It is good to know that clear objectives are being set at the top, and that value-for-money Ministers will be appointed in every single Department; but I trust that, in such difficult circumstances, those objectives will be shared throughout Whitehall, and that the Cabinet Secretary will give more priority to the value-for-money objectives of permanent secretaries and their teams. I believe that much of the knowledge required for the achievement of those objectives rests with those responsible for front-line service provision, where the proximity of customers provides powerful knowledge and understanding.
During the general election campaign, I met thousands of public sector workers who were appalled at the amount of waste and the layers of bureaucracy that they had to face every day of the week. One hospital chef told me that he had three bosses. I think most people would agree that that should not be part of the recipe for providing nourishing meals for patients in hospitals. That is why I support Ministers in their efforts to learn from people in the front line and, despite many competing priorities, find time to listen to their views and work with them. I urge those Ministers to continue their efforts to break down the barriers that are preventing taxpayers from receiving the effective services and real value for money that they so richly deserve.

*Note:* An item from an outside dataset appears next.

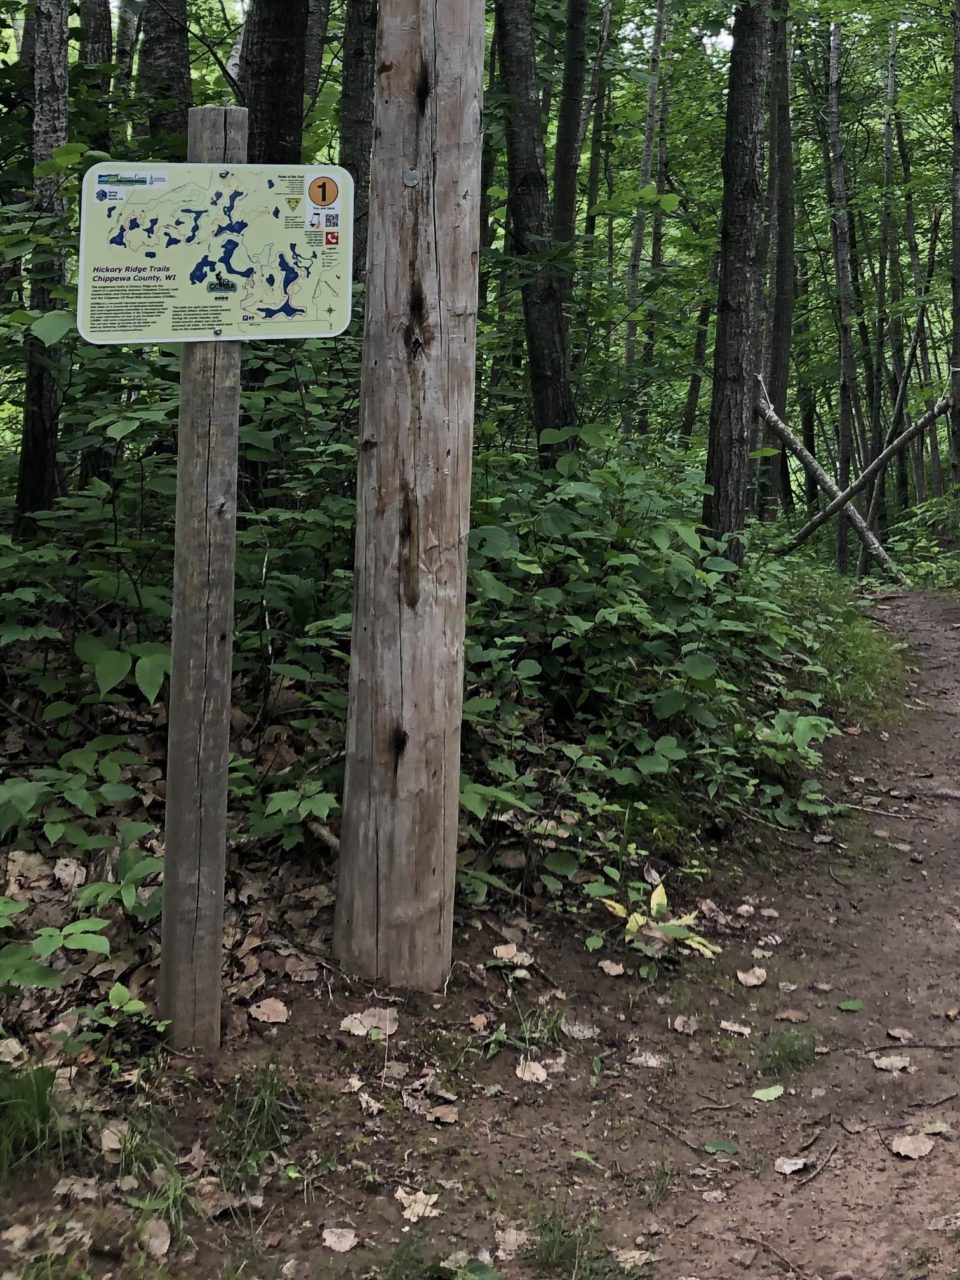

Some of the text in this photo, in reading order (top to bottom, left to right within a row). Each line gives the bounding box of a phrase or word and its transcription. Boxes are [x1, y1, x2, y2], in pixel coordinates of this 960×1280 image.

For those reasons, I support the Budget. It is tough and it will be challenging to deliver, but it is the medicine that is needed to treat the trauma of this economic crisis and return our ailing economy to full health. I entirely support the Chancellor's proposals, which are set out so clearly in his Budget.
Mr Ivan Lewis (Bury South) (Lab): I congratulate the hon. Members for East Surrey (Mr Gyimah) and for Maidstone and The Weald (Mrs Grant), my hon. Friend the Member for Airdrie and Shotts (Pamela Nash), the hon. Members for Thurrock (Jackie Doyle-Price), for Pudsey (Stuart Andrew) and for Truro and Falmouth (Sarah Newton), and my hon. Friend the Member for Glasgow Central (Anas Sarwar) on their excellent maiden speeches.
This is a Budget that will define not only the new Government but the kind of country that Britain is to become for a decade, perhaps even a generation. The choices made in this Budget will have an impact on every middle and low-income family, every community and every workplace. They will determine not only our economic destiny, but the very nature of our society. Those choices, presented as economic imperatives, are in reality driven by an ideology which yet again fails to understand that if a state retreats too far, the result is not a big society but a broken society.
I want to concentrate on public services and welfare. Let us be clear: this is a Budget of choice, rather than a Budget in which there is only one choice. The deficit could have been reduced over a longer period, as happened in the aftermath of the IMF loan in the 1970s and that of Black Wednesday in the 1990s. The balance between taxation, spending cuts and growth could have been different, and the overall package of measures could have been progressive rather than regressive.
Much has rightly been made of Liberal Democrat duplicity. I watched closely on Budget day as the Deputy Prime Minister anxiously passed the Red Book to the right hon. Member for Gordon (Malcolm Bruce), frantically seeking to draw his attention to the tables on pages 66 and 67. The right hon. Gentleman dutifully made a trenchant speech, claiming that this was a progressive Budget and citing the tables as evidence. Within 24 hours, the Institute for Fiscal Studies had made it clear that such claims were as misleading as a typical Liberal Democrat "Focus" leaflet. It confirmed that the overall impact of the Budget measures was regressive and that the poorest would be 2.6% worse off, while the richest would be worse off by only 0.6%. That did not include cuts in benefits and public services, which would widen the gap considerably. I do not see how Liberal Democrats can claim to be progressive when they are willing to vote for this Budget, let alone for VAT increases.
In legitimacy and credibility terms, the Tories have matched the Liberal Democrats in their contempt for the electorate. It seems to have been forgotten that the Prime Minister, the right hon. Member for Witney (Mr Cameron), claimed to have modernised his party. It was no longer the nasty party, no longer indifferent to social and economic inequality. The right hon. Gentleman would govern from the centre ground, and would face down the right-wing ideologues in his party.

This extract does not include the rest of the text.